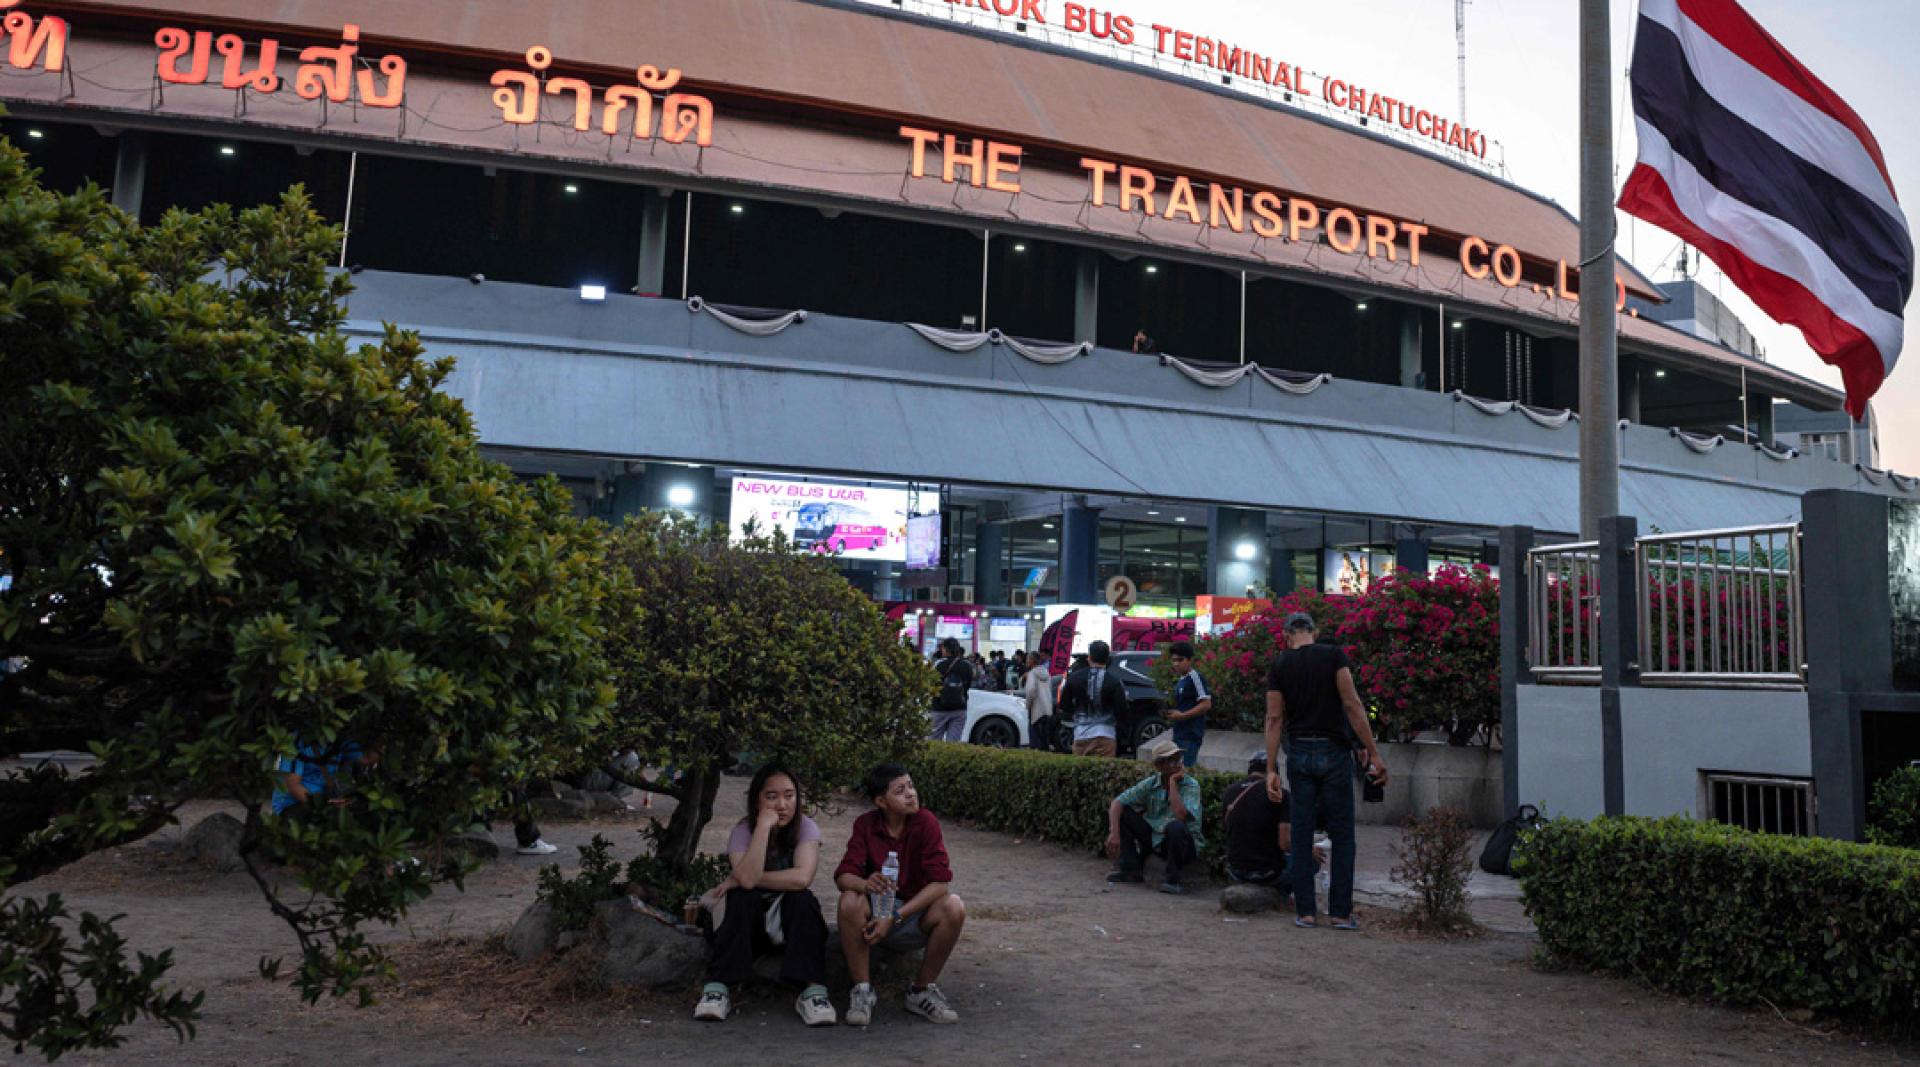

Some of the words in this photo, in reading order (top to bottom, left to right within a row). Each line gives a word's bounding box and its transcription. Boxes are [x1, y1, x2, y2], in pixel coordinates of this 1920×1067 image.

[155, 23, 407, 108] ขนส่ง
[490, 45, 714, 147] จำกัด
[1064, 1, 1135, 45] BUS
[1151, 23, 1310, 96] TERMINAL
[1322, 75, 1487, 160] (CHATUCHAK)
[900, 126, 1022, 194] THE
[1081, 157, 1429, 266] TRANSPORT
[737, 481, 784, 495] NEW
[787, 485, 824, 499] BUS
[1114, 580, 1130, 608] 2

TASK OBJECTIVE →
Print each line of the material above exactly, with the pictures removed from your copy.

ANSWER SPACE →
Some of the words in this photo, in reading order (top to bottom, left to right within a row). Each line gives a word's bounding box and its transcription. Boxes are [x1, y1, x2, y2], in pixel coordinates of this 1920×1067 image.

[155, 23, 407, 108] ขนส่ง
[490, 45, 714, 147] จำกัด
[1064, 1, 1135, 45] BUS
[1151, 23, 1310, 96] TERMINAL
[1322, 75, 1487, 160] (CHATUCHAK)
[900, 126, 1022, 194] THE
[1081, 157, 1429, 266] TRANSPORT
[737, 481, 784, 495] NEW
[787, 485, 824, 499] BUS
[1114, 580, 1130, 608] 2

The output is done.